From Data Science to Production: MLOps CI/CD Pipeline with Real-time Accuracy Monitoring

The Problem

Your data science team trained an amazing ML model. Accuracy on test data: 94%.

You deploy it to Kubernetes. It runs great for 2 weeks.

Then accuracy silently drops to 72%.

Nobody notices for 10 days. By the time you catch it, the model has made 50,000 bad predictions.

This is the MLOps problem in a nutshell: models decay, and without monitoring, you won’t know until it’s too late.

The Reality: Why Models Fail in Production

It’s Not the Training Code That Breaks

Your training pipeline works fine. You can rerun it on the same data, get the same model. The code is solid.

The problem is data drift. In production, your input data changes:

User behavior shifts seasonally
Feature distributions morph over time
Edge cases you never saw in training appear in production
The world changes, but your model doesn’t

The Traditional Approach (Manual and Fragile)

Most teams handle ML deployment like this:

Data scientist trains a model locally
“It’s ready” - they export a pickle file or ONNX model
Engineer manually packages it into a Docker image
It gets deployed to Kubernetes (maybe)
It runs for a while
Something breaks (nobody’s monitoring)
Someone manually checks logs
Maybe they retrain, maybe they downgrade the model
Repeat 6-8 three months later

The problem: Every step is manual. No automation. No feedback loop. No recovery.

Why This Breaks at Scale

No versioning: Which model version is running? What data trained it? Unknown.
No testing: Did you test the model against a held-out dataset? Just hope it works.
No monitoring: Is accuracy degrading? You won’t know until someone complains.
No retraining: When drift happens, you manually trigger retraining (if you remember).
No governance: Audit trail? Compliance? Good luck explaining to regulators.

The Solution: MLOps with Kubernetes + Prometheus + Automated Monitoring

MLOps is the engineering discipline that brings DevOps practices to machine learning.

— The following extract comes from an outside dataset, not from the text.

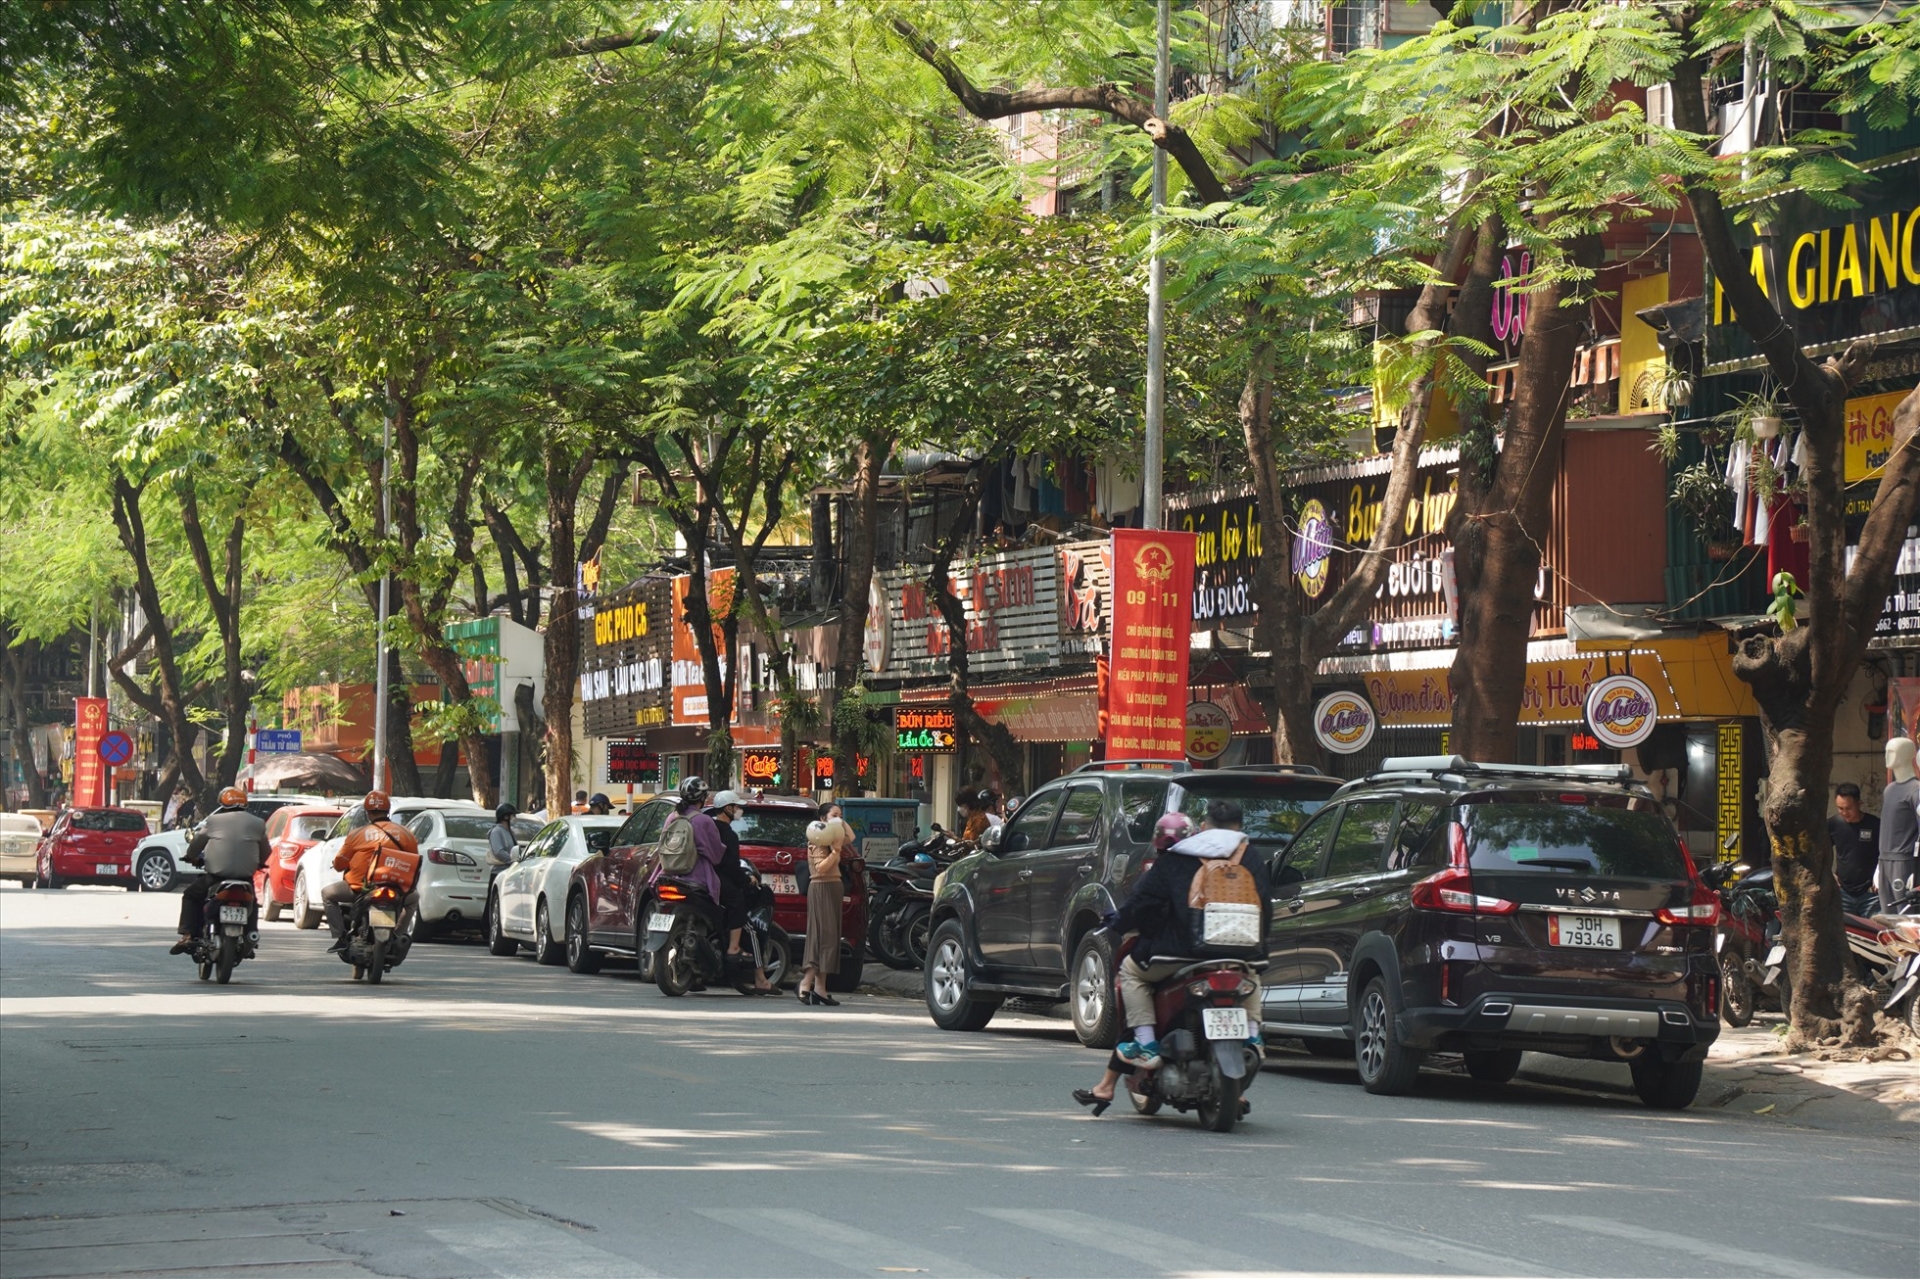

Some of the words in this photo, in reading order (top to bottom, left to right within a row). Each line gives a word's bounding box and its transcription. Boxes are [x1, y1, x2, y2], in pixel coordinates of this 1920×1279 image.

Instead of manually managing model deployment, you:

Automate the entire pipeline - data validation → training → testing → deployment
Monitor model performance - accuracy, precision, recall, and data drift in real-time
Trigger retraining automatically - when drift is detected or on schedule
Test before deployment - validate model accuracy matches thresholds
Deploy safely - staged rollouts, canary deployments, instant rollback

Our Approach: Kubernetes-Native MLOps

We built a production ML system on Kubernetes with these components:

1. Automated Training Pipeline (Orchestration)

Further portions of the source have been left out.